Tom sighed. “Sorry. Kids, if she says it, she has a reason for saying it—so remember.”
“Here you go,” Carl said. “Your piece of time is from 10:45 to 10:47 on this next Saturday morning. There aren’t any weekend openings after that until sometime in July.”
“We’ll take this one,” Kit said. “At least I can. Nita, will your folks let you go?”
She nodded. “I have some allowance saved up, and I’d been thinking about going into the city to get my dad a birthday present anyhow. I doubt there’ll be any trouble.”
Kit looked uncomfortable for a moment. “But there’s something I’m not sure about. My spell—our spell brought Fred here.

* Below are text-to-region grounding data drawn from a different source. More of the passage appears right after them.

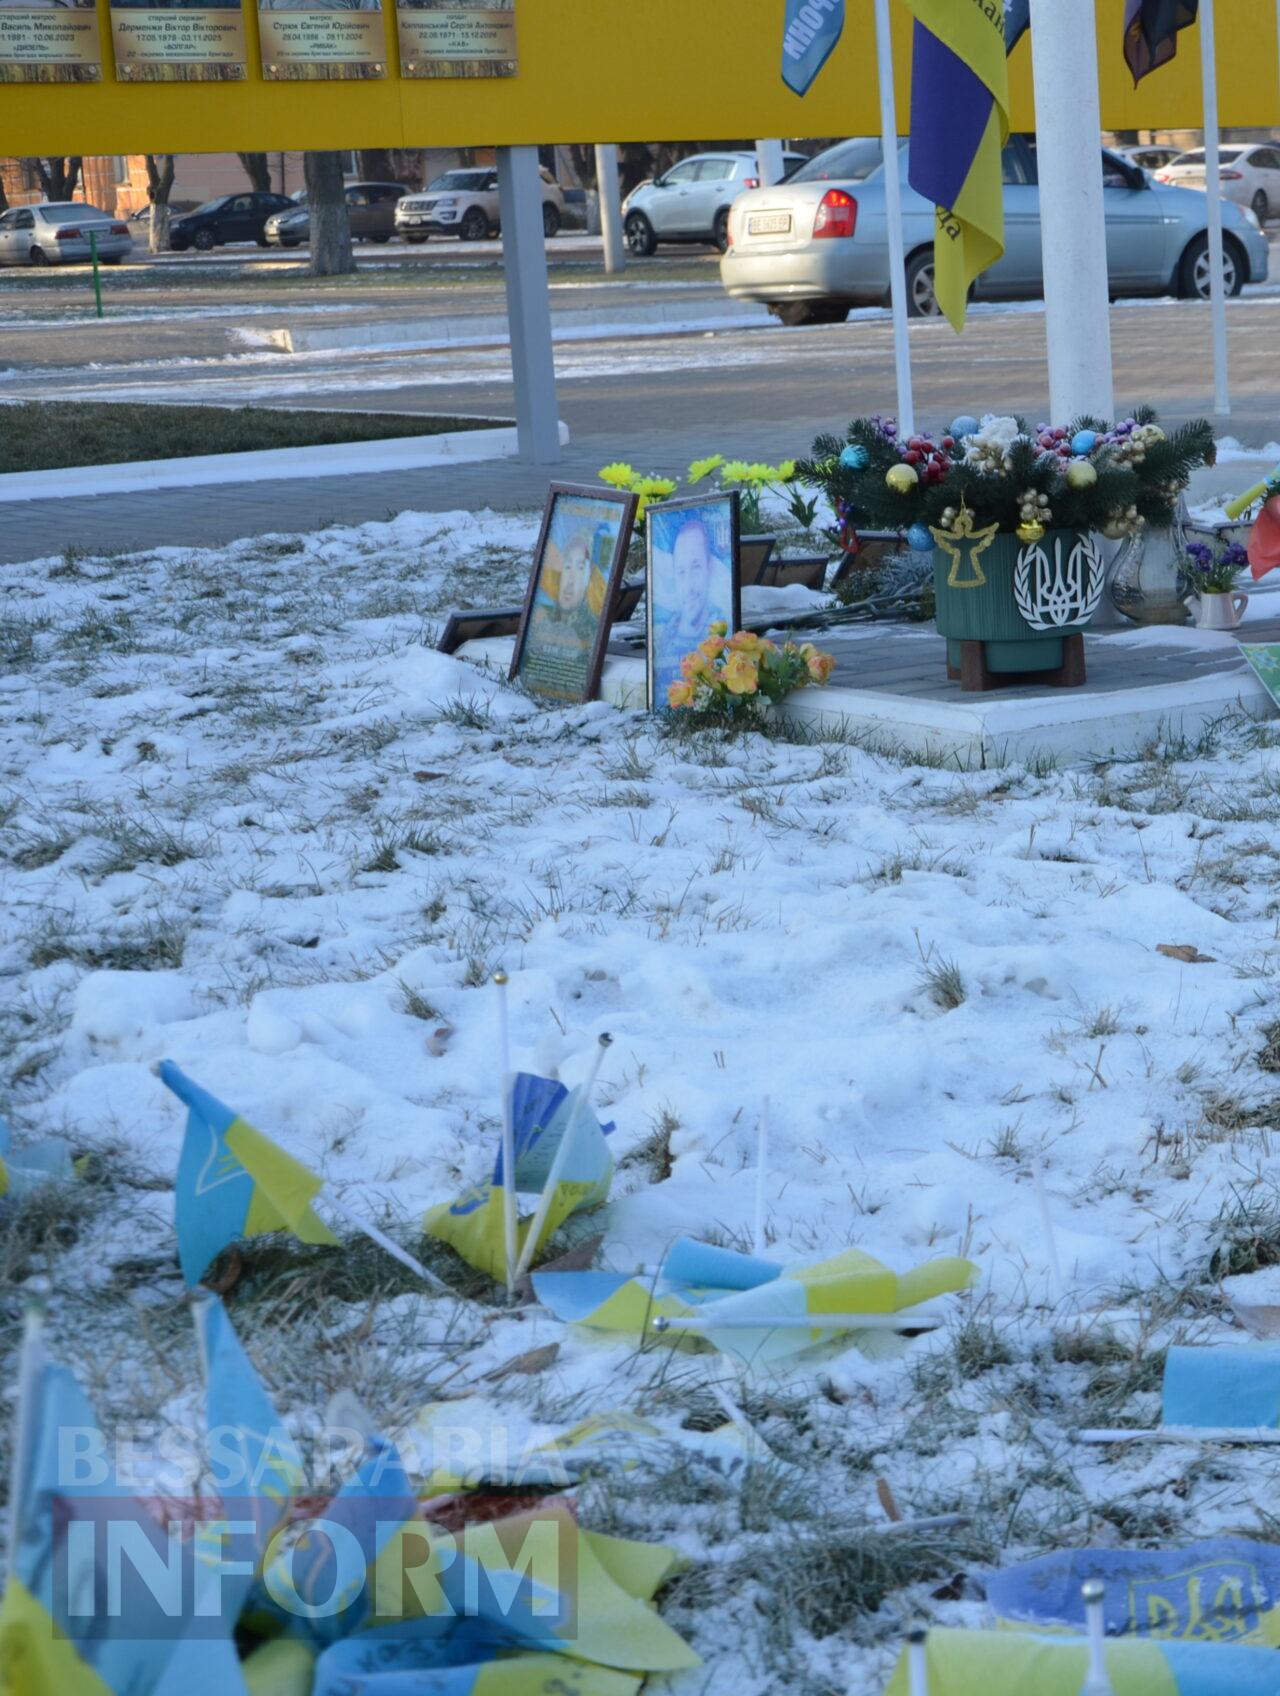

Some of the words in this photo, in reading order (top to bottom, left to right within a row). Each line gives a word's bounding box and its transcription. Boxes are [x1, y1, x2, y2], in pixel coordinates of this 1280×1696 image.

[1, 22, 32, 31] Василь
[34, 22, 91, 31] Миколайович
[164, 23, 191, 32] Віктор
[193, 23, 237, 32] Вікторович
[332, 22, 370, 30] Юрійович
[450, 21, 473, 30] Сергій
[475, 21, 512, 29] Антонович

How are we going to get him back where he belongs?”
Am I a problem?
Fred said, sounding concerned.
“Oh, no, no—it’s just that, Fred, this isn’t your home, and it seemed as if sooner or later you might want to go back where you came from.”
“As far as that goes,” Tom said, “if it’s your spell that brought him here, you’ll be able to send him back. The instructions are in your book, same as the instructions for opening the Grand Central worldgate.”
“Stick to those instructions,” Carl said. “Don’t be tempted to improvise. That claudication is the oldest one in New York, and it’s the trickiest because of all the people using it all the time. One false syllable in a spell and you may wind up in Schenectady.”
Is that another world?
Fred asked.
Carl laughed. “It might as well be. …Is there anything else we can do for you?”
Nita and Kit shook their heads and got up to leave, thanking Tom and Carl and Picchu. “Let us know how things turn out,” Tom said. “Not that we have any doubts—two wizards who can produce a white hole on the first try are obviously doing all right. But give us a call. We’re in the book.”
The two men saw Nita and Kit as far as the patio door, said their good-byes, and went back into the house. Nita started off across the lawn the way she had come, but Kit paused for a moment by the fishpond, staring down into it. He pulled a penny out of his pocket, dropped it in.
Nita saw the ripples spread—and then suddenly another set of ripples wavered away from the head of a very large goldfish, which spat the penny back at Kit and eyed him with distaste. “Do
I
throw money on
your
living-room floor?” it said, and then dived out of sight.
Kit picked up his penny and went after Nita and Fred as they pushed through the poplar hedge again. The blue Mercedes, which had been half in the street and half on the sidewalk, was now neatly parked by the curb. In front of it sat Annie, with her tongue hanging out and a satisfied look on her face. There were teeth marks deep in the car’s front fender. Annie grinned at them as Nita and Kit passed, and then trotted off down the street, probably to “find” something else.
“If my dog starts doing things like that,” Kit muttered, “I don’t know how I’m going to explain it to my mother.”
Nita looked down the street for signs of Joanne. “If we can just get home without being killed, I wouldn’t care
what
the dog found—” And then she broke off. “
Uh
-oh…”
A good ways down the street, four or five girls were heading toward them, and Nita saw Joanne’s blond hair. “Kit, we’d better split up. No reason for them to come after you too.”
“Right. Give me a call tonight. I’m in the book…” He took off down a side street.
She looked around, considering the best direction to run in—and then thought of the book she was carrying. There wasn’t much time, though. She forced herself to calm down even while she knew they were coming for her and turned the manual’s pages to the place Kit had shown her that morning, the spell that made blows slide off. She read through it slowly in the Speech, sounding out the syllables, taking the time to look up the pronunciation of the ones she wasn’t sure of, even though she could hear Joanne’s nasty laugh getting closer.
And then Nita sat down on the curb to wait for them.